◆ **SOURCE MATERIAL**:
- Opening Delimiter -
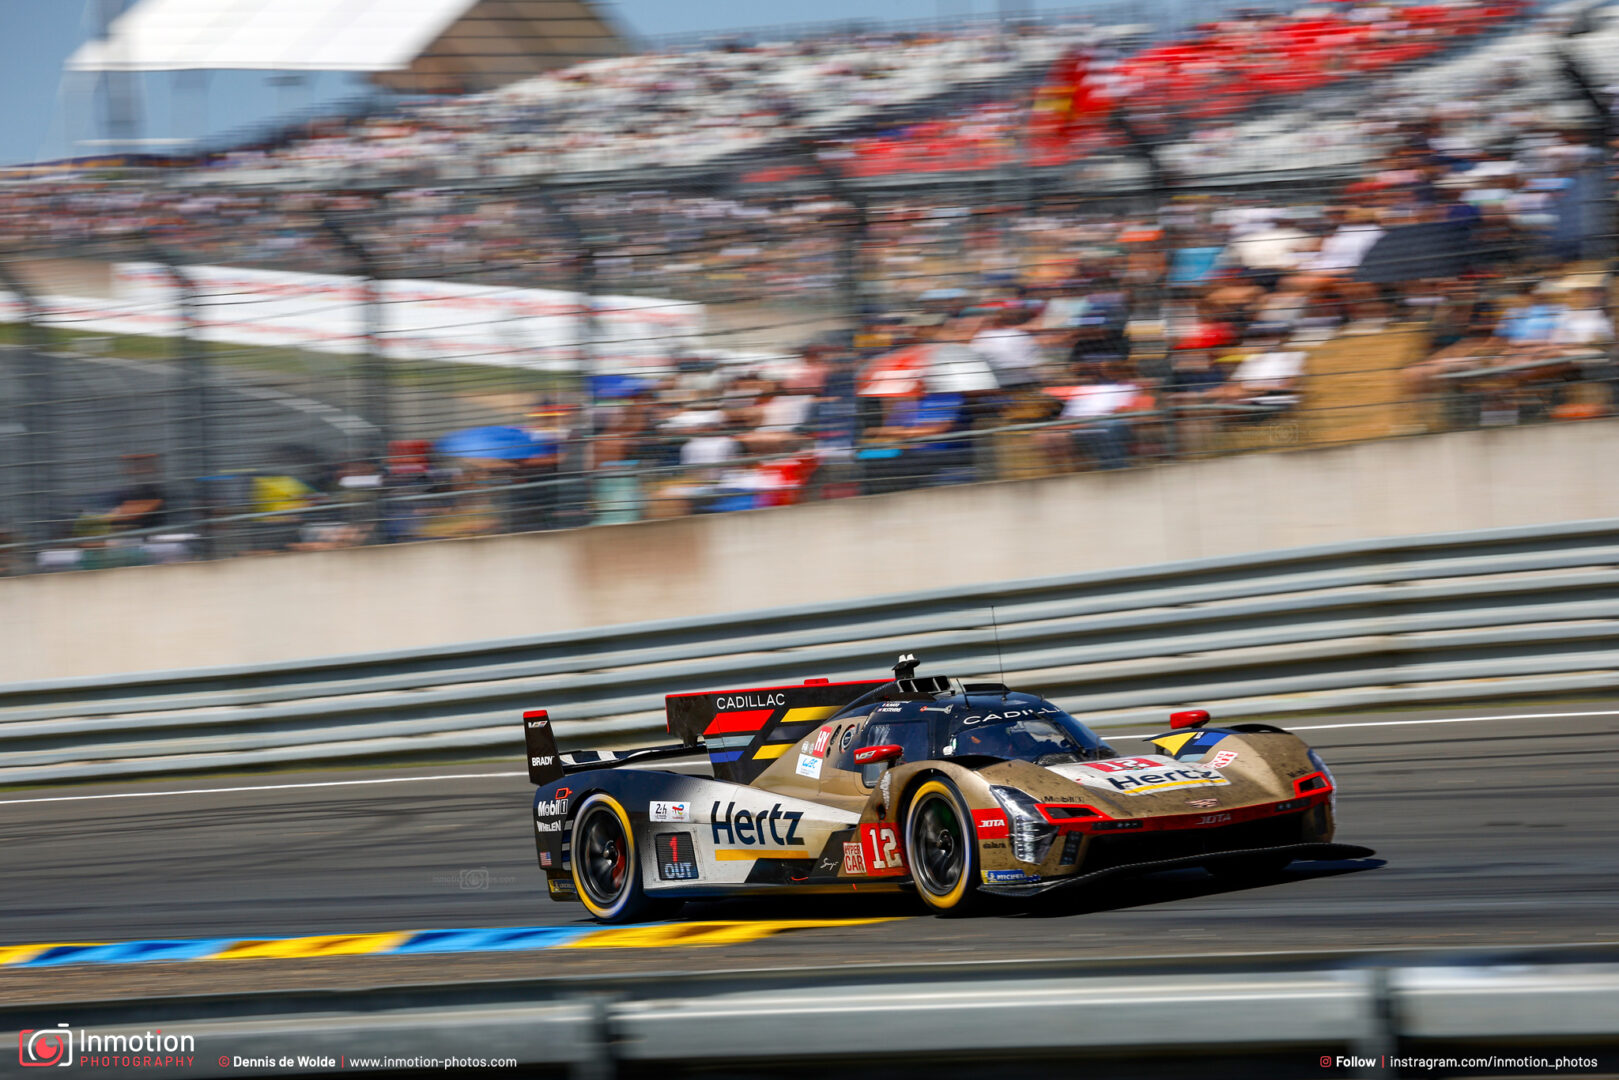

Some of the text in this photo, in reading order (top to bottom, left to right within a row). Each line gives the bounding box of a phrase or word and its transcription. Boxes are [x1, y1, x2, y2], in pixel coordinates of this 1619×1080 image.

[716, 693, 785, 710] CADILLAC
[814, 730, 831, 752] HY
[531, 756, 553, 767] BRADY
[1107, 770, 1221, 791] Hertz
[537, 799, 560, 817] Mobil
[536, 820, 561, 832] WHELEN
[710, 801, 806, 846] Hertz
[978, 819, 1005, 828] JOTA
[1194, 813, 1232, 825] JOTA
[669, 835, 679, 863] 1
[844, 845, 861, 855] HYPER
[868, 828, 903, 869] 12
[664, 862, 692, 879] OUT
[845, 855, 864, 871] CAR
- Closing Delimiter -
◆ **EXERCISE GOAL**: Nothing but the exact text of the records should appear in your answer, with no pictures. Please write it out.

◆ **EXERCISE OUTPUT**:
Some of the text in this photo, in reading order (top to bottom, left to right within a row). Each line gives the bounding box of a phrase or word and its transcription. Boxes are [x1, y1, x2, y2], in pixel coordinates of this 1619×1080 image.

[716, 693, 785, 710] CADILLAC
[814, 730, 831, 752] HY
[531, 756, 553, 767] BRADY
[1107, 770, 1221, 791] Hertz
[537, 799, 560, 817] Mobil
[536, 820, 561, 832] WHELEN
[710, 801, 806, 846] Hertz
[978, 819, 1005, 828] JOTA
[1194, 813, 1232, 825] JOTA
[669, 835, 679, 863] 1
[844, 845, 861, 855] HYPER
[868, 828, 903, 869] 12
[664, 862, 692, 879] OUT
[845, 855, 864, 871] CAR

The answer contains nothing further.